## RECORDS
━━━━━━━━━━━━━━━━━━━━

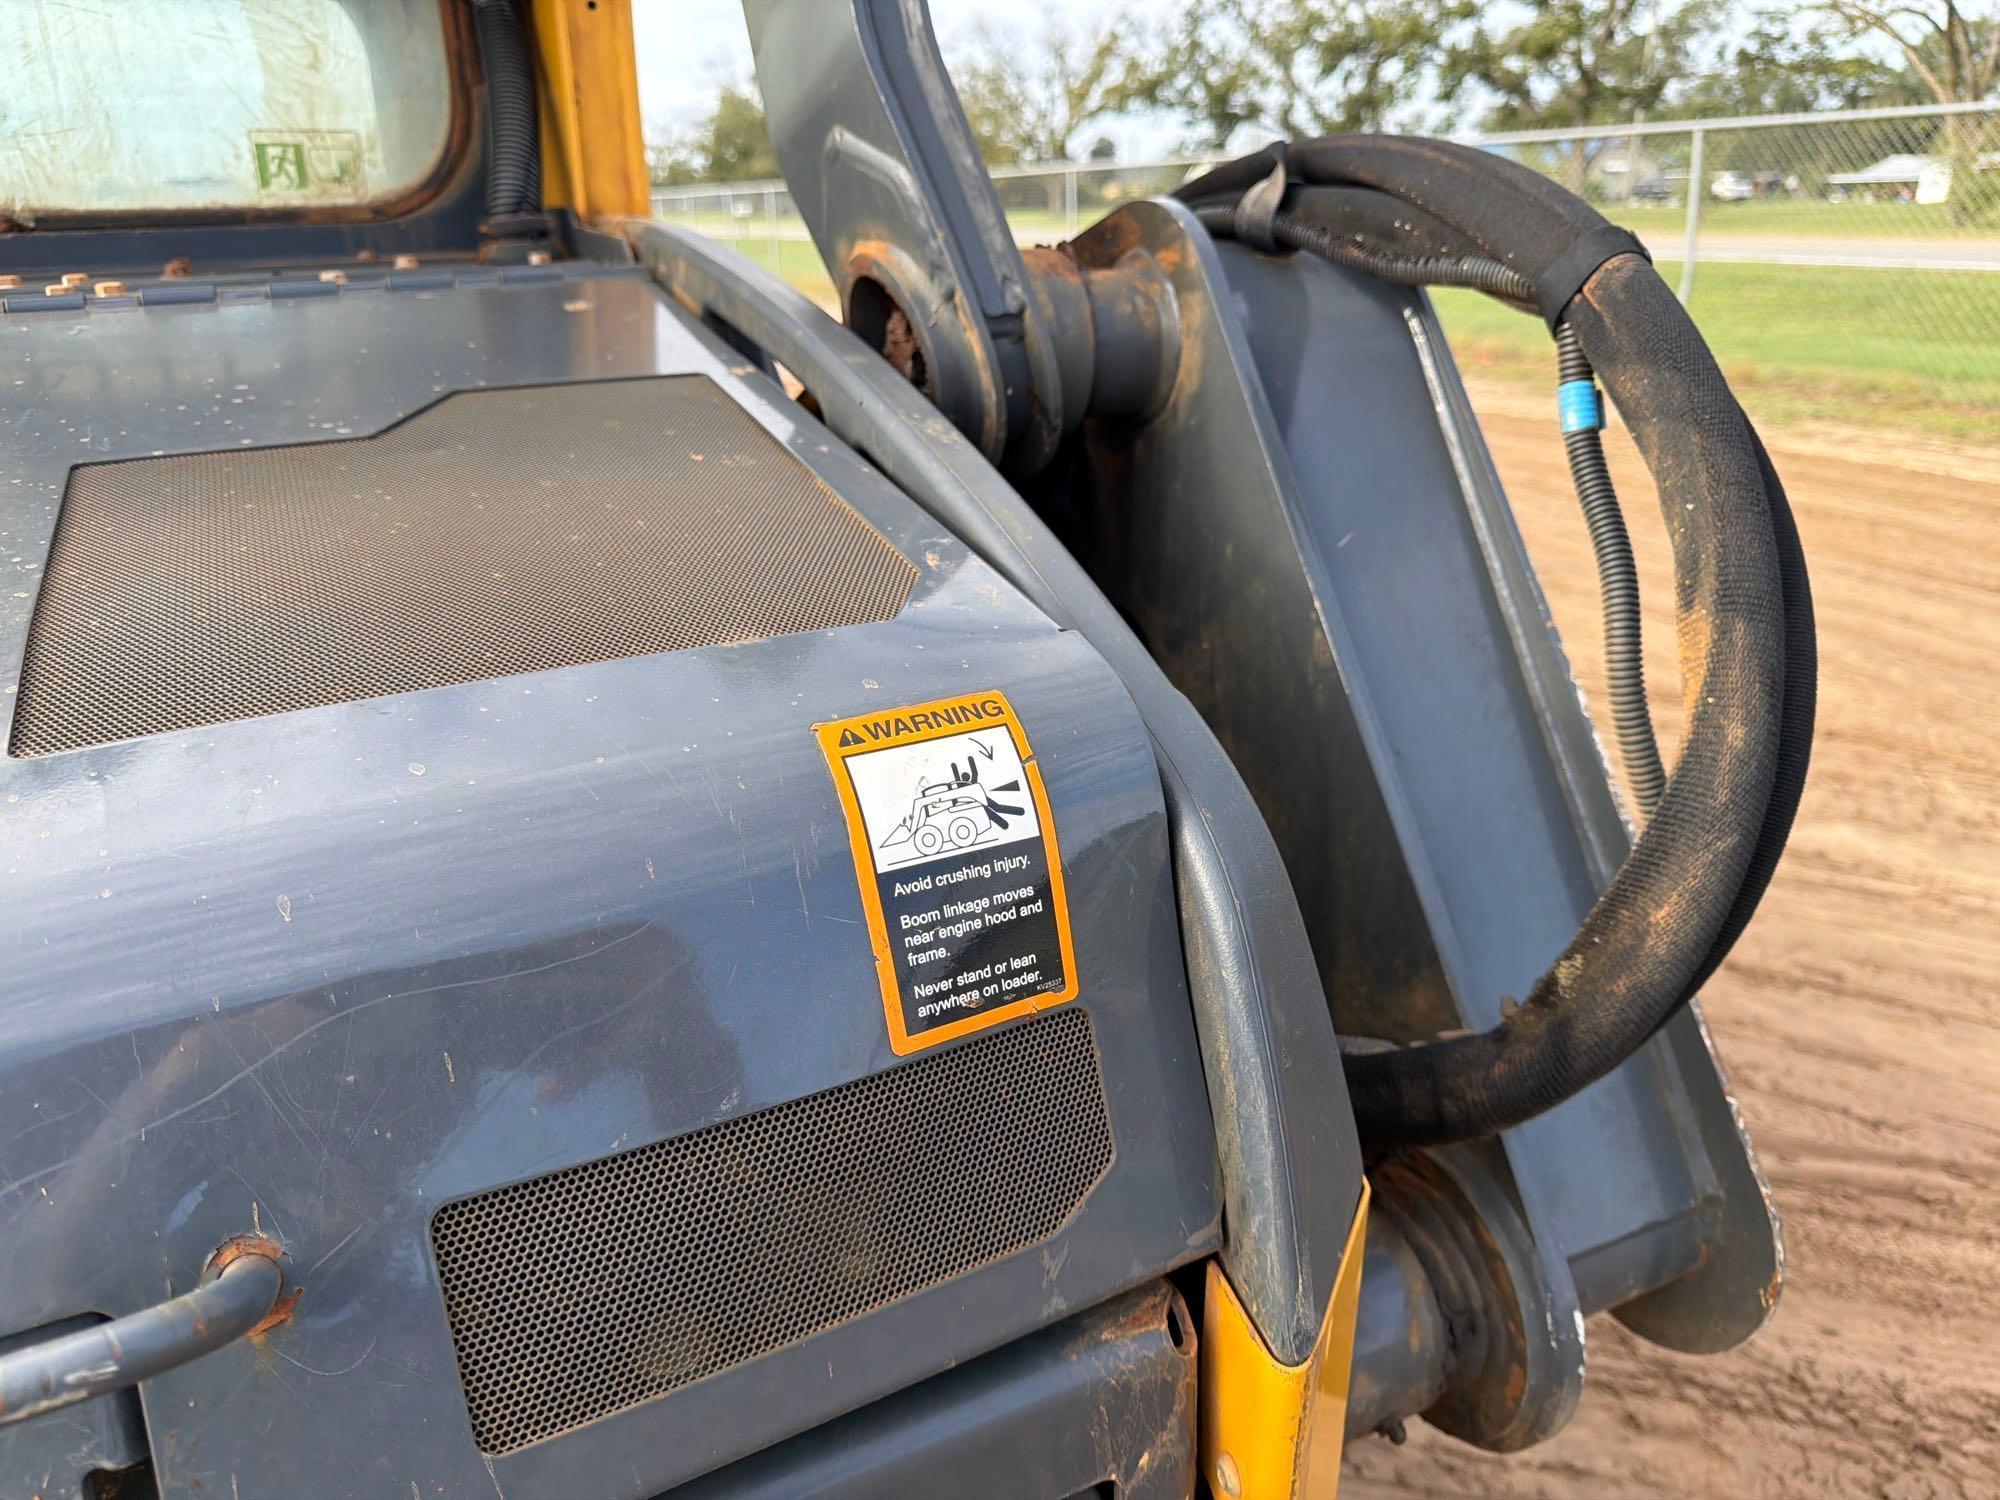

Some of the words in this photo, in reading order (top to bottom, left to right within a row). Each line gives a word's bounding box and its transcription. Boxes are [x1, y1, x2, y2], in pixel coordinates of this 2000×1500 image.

[862, 700, 1005, 741] WARNING
[894, 874, 932, 897] Avoid
[936, 864, 991, 887] crushing
[994, 854, 1031, 873] injury.
[900, 909, 940, 929] Boom
[943, 897, 990, 918] linkage
[993, 885, 1034, 905] moves
[904, 929, 936, 948] near
[938, 916, 981, 940] engine
[984, 905, 1016, 926] hood
[1019, 900, 1043, 916] and
[908, 947, 951, 967] frame.
[914, 979, 954, 999] Never
[957, 968, 991, 988] stand
[994, 961, 1008, 976] or
[1010, 953, 1037, 971] lean
[917, 990, 980, 1017] anywhere
[982, 984, 999, 999] on
[1001, 970, 1043, 992] loader.
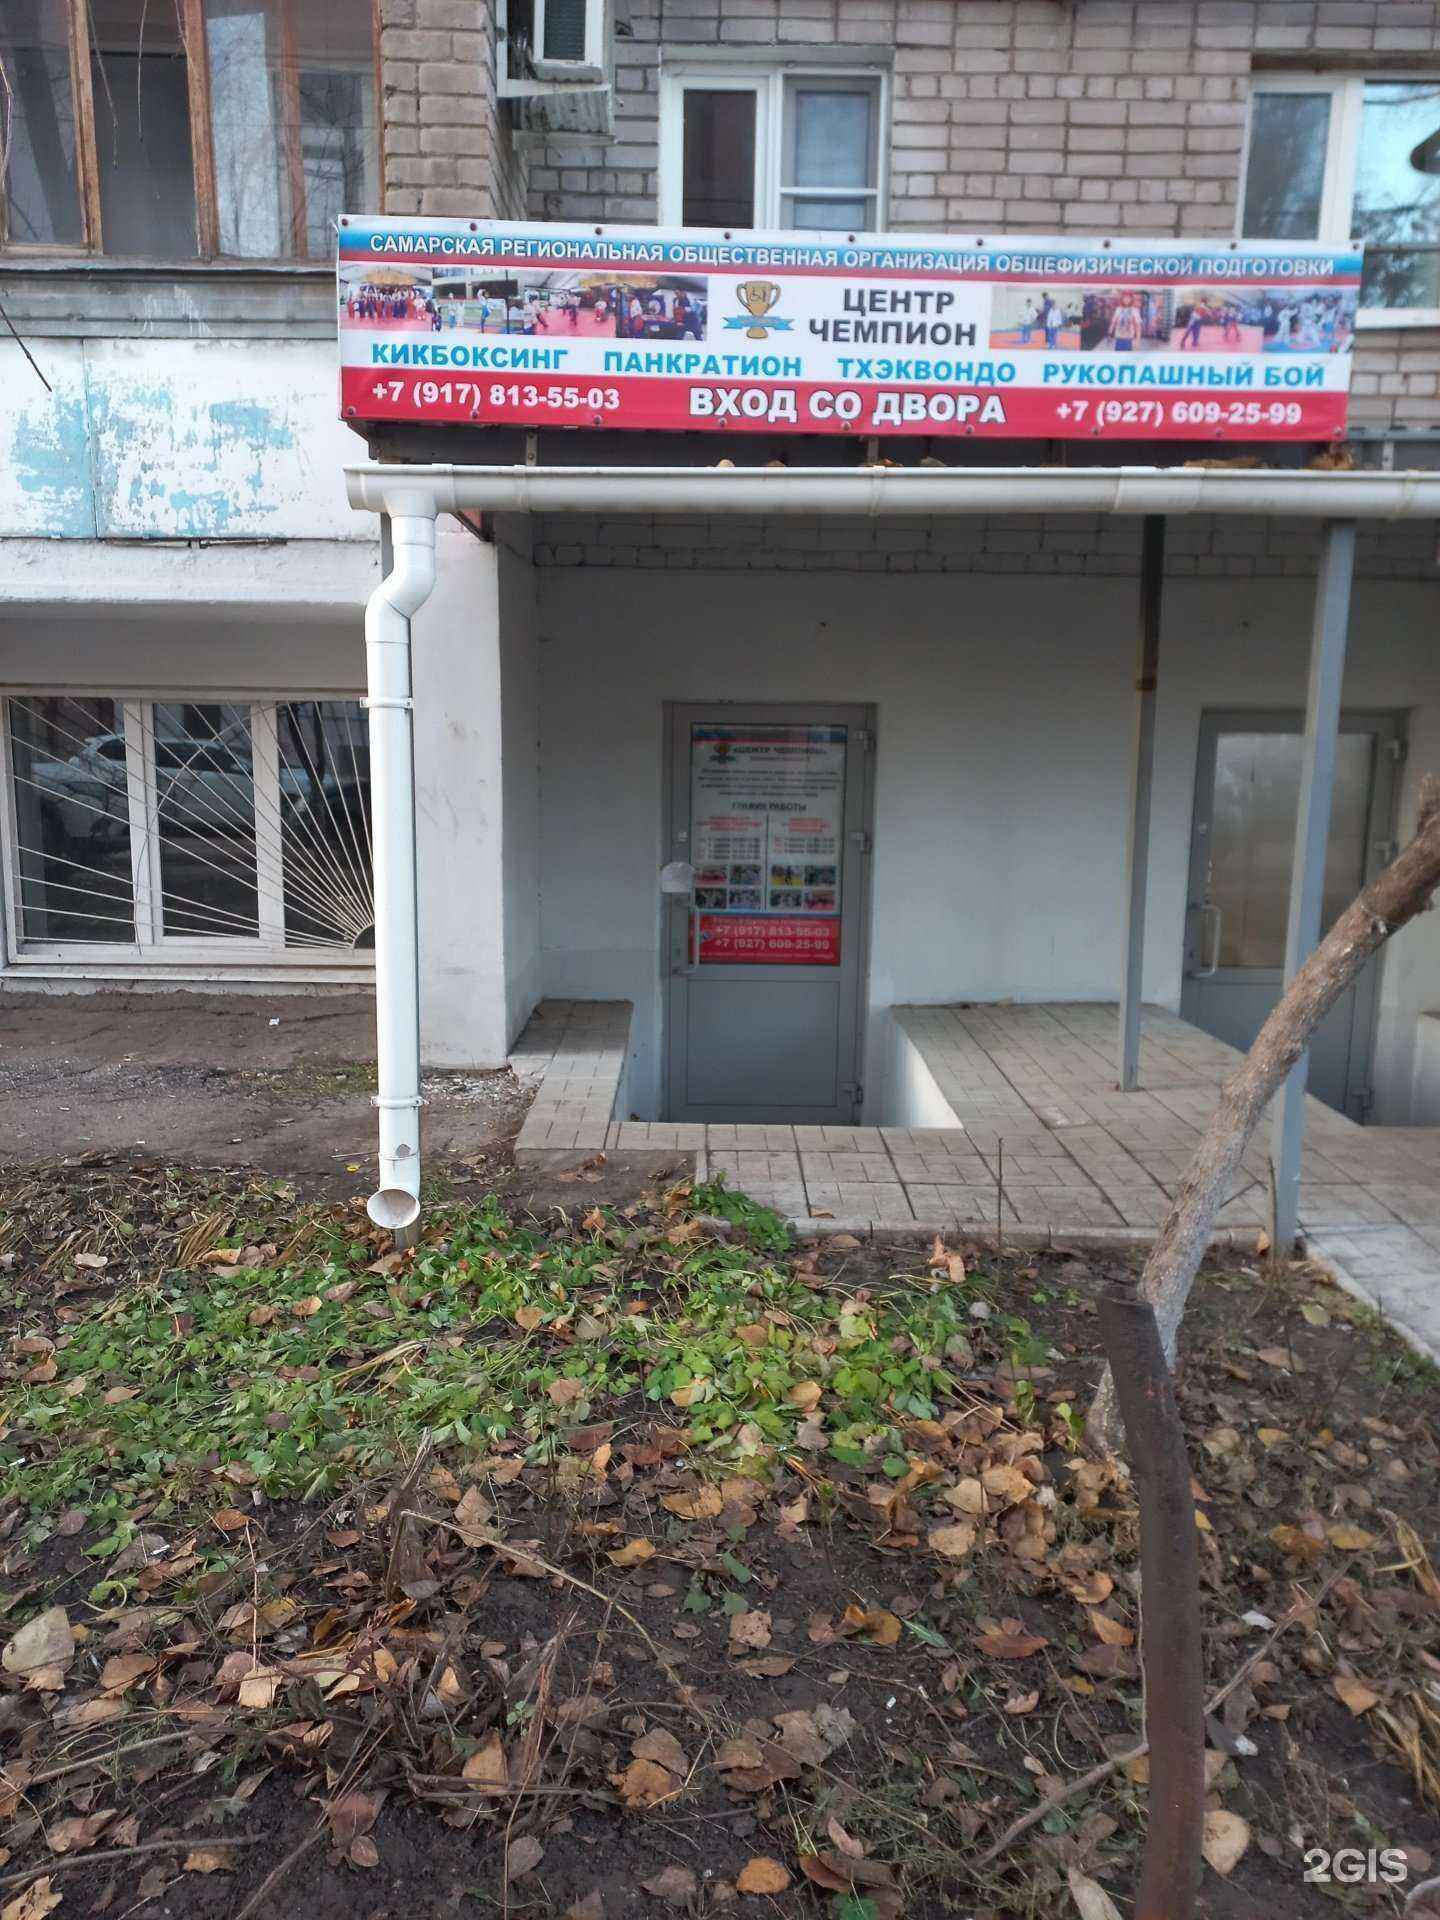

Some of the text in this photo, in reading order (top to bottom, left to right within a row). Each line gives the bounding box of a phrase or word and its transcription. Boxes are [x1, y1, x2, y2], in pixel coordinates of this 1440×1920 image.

[369, 234, 1334, 278] САМАРСКАЯ РЕГИОНАЛЬНАЯ ОБЩЕСТВЕННАЯ ОРГАНИЗАЦИЯ ОБЩЕФИЗИЧЕСКОЙ ПОДГОТОВКИ
[843, 289, 955, 316] ЦЕНТР
[809, 318, 977, 347] ЧЕМПИОН
[371, 342, 568, 371] КИКБОКСИНГ
[604, 350, 802, 378] ПАНКРАТИОН
[838, 356, 1016, 386] ТХЭКВОНДО
[1042, 359, 1325, 387] РУКОПАШНЫЙ БОЙ
[372, 381, 621, 410] +7 (917) 813-55-03
[689, 388, 1007, 426] ВХОД СО ДВОРА
[1056, 399, 1303, 427] +7 (927) 609-25-99
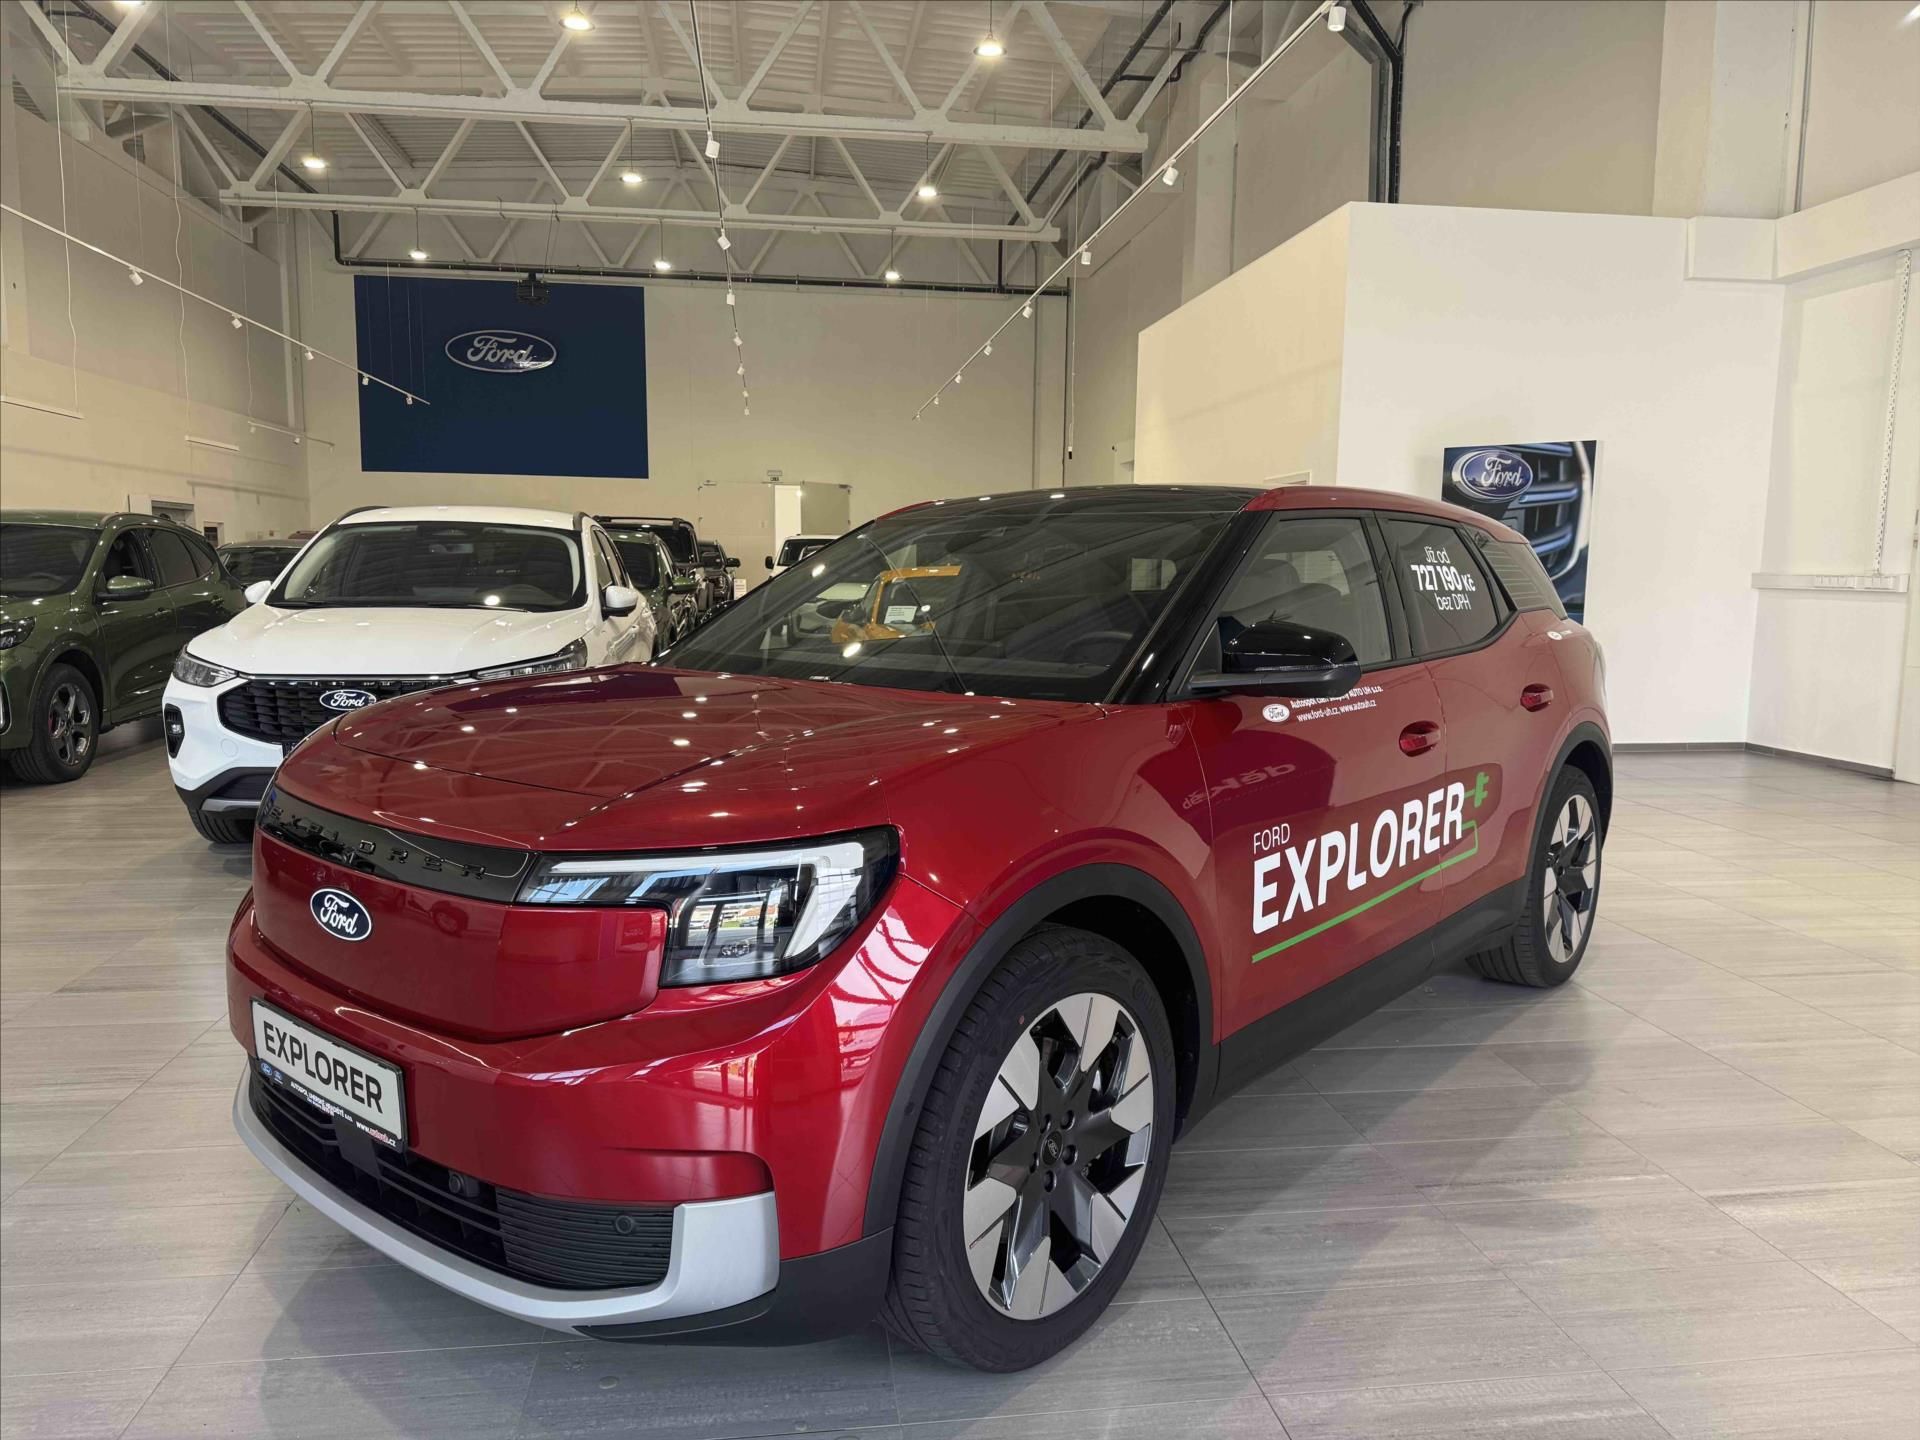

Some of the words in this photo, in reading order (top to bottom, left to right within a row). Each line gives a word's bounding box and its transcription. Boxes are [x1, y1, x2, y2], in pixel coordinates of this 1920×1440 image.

━━━━━━━━━━━━━━━━━━━━

## WORK REQUEST
Your copy must consist solely of the lines from the one containing "Some of the text" through the final line of the material above, transcribed exactly, with the pictures left out.

## OUTPUT
Some of the text in this photo, in reading order (top to bottom, left to right within a row). Each line gives the bounding box of a phrase or word and its transcription. Boxes are [x1, y1, x2, y2], in pixel coordinates of this 1440×1920 image.

[369, 234, 1334, 278] САМАРСКАЯ РЕГИОНАЛЬНАЯ ОБЩЕСТВЕННАЯ ОРГАНИЗАЦИЯ ОБЩЕФИЗИЧЕСКОЙ ПОДГОТОВКИ
[843, 289, 955, 316] ЦЕНТР
[809, 318, 977, 347] ЧЕМПИОН
[371, 342, 568, 371] КИКБОКСИНГ
[604, 350, 802, 378] ПАНКРАТИОН
[838, 356, 1016, 386] ТХЭКВОНДО
[1042, 359, 1325, 387] РУКОПАШНЫЙ БОЙ
[372, 381, 621, 410] +7 (917) 813-55-03
[689, 388, 1007, 426] ВХОД СО ДВОРА
[1056, 399, 1303, 427] +7 (927) 609-25-99

Some of the words in this photo, in reading order (top to bottom, left to right within a row). Each line gives a word's bounding box and its transcription. Boxes are [x1, y1, x2, y2], in pixel coordinates of this 1920×1440 image.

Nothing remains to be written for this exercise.